Here, and elsewhere, the Superstar Racing Experience brainstormed by Tony Stewart and Ray Evernham, which made its prime-time debut Saturday on CBS, has been the subject of impressive media focus. It was gratifying to see the organizers publicly salute the series that directly inspired SRX, the original International Race of Champions, which was the offspring of Roger Penske and then-NASCAR executive Les Richter, the former NFL star. When it first aired via tape delay on ABC, the IROC series matched the world’s best drivers from a broad range of disciplines in – at first – identically prepared, rainbow-hued copies of the 1974 Porsche 911 RSR, Stuttgart’s in-house, factory-built production race cars. Those 911s still exist, in very small numbers, and we can tell you from personal observation that they pull enormous prices when they come up for sale at auctions, their Recaro seats having been creased by butts belonging to the likes of Emerson Fittipaldi, A.J. Foyt and Richard Petty, to name some of the IROC participants.

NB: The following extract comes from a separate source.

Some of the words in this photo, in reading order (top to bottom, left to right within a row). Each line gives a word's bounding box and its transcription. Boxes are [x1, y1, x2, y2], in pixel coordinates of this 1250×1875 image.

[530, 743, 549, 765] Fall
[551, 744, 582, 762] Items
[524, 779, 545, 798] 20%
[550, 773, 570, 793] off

So with the hoopla over SRX, it’s no coincidence that a new volume closely examines these straight-up exotic pieces that introduced motorsports to TV as mass-market entertainment.

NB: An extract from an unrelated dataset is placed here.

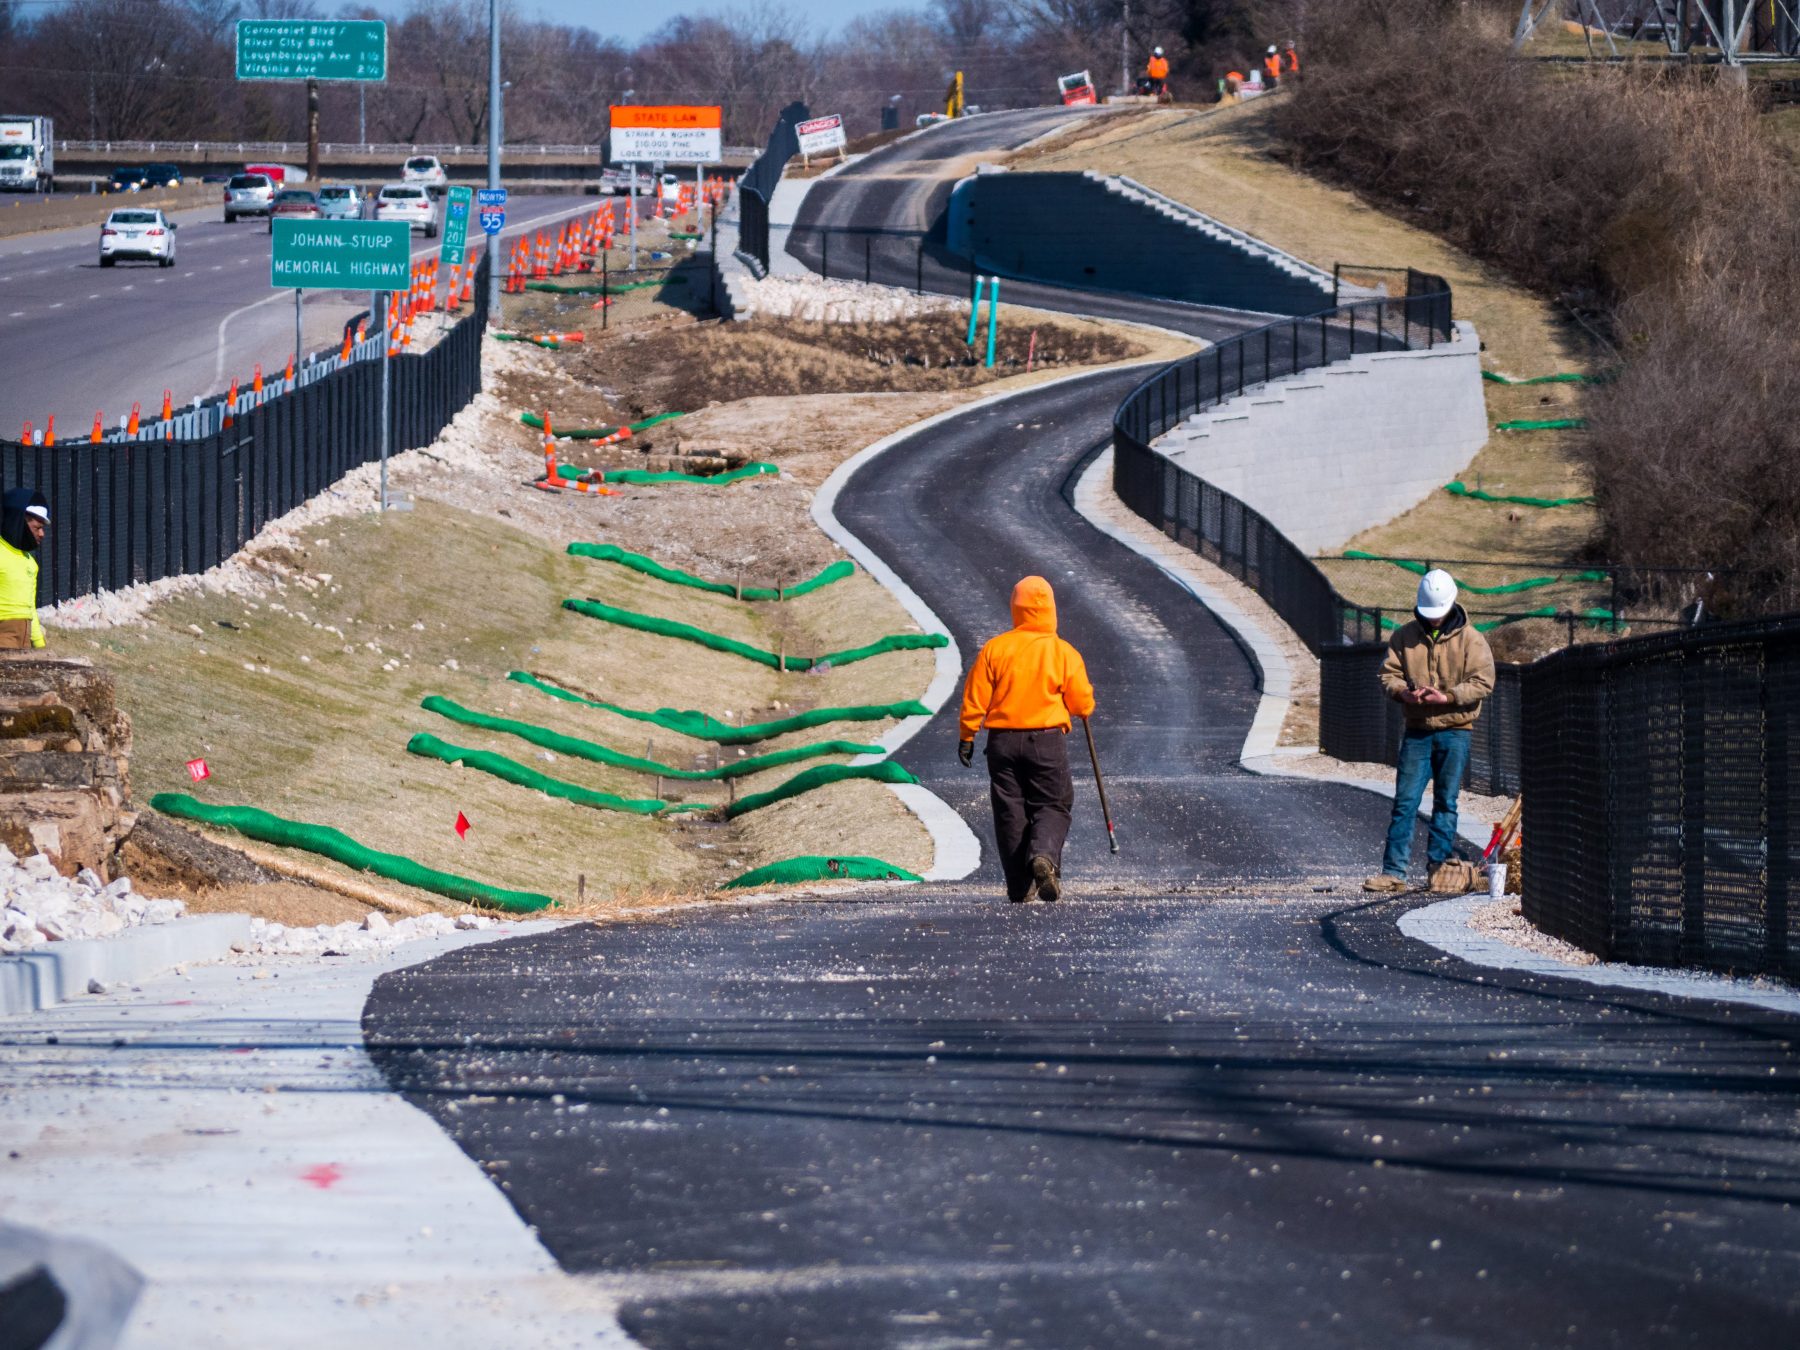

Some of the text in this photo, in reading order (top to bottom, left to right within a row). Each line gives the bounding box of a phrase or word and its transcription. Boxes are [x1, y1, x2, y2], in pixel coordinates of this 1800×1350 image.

For their brief time in IROC, which shortly switched to more fixable Camaro-bodied stock cars as the series continued, these 911s are some of the most instantly recognizable competition cars in Porsche history. They’re a fitting topic for this hardcover history authored by one of America’s most accomplished automotive journalists, former Motor Trend executive editor Matt Stone. The IROC Porsches is a 192-page hardcover, prominently illustrated with 200-plus photos, and published by Motorbooks. It’s organized the right way: Each chassis number gets its own mini-chapter with a full race accounting and an update on the car’s present whereabouts. Here’s an example of what we mean: Chassis 0090, finished in orange, is a double IROC winner, the second of which went to IROC star Mark Donohue at Daytona in his final professional victory before he died in 1975 following a Formula 1 testing crash. After post-IROC stints in California, Australia and the United Kingdom, 0090 now occupies an exalted place in a Swiss collection of Porsches. The book, very useful to Porsche enthusiasts, has a lot of detailed info like this, which is always a major plus.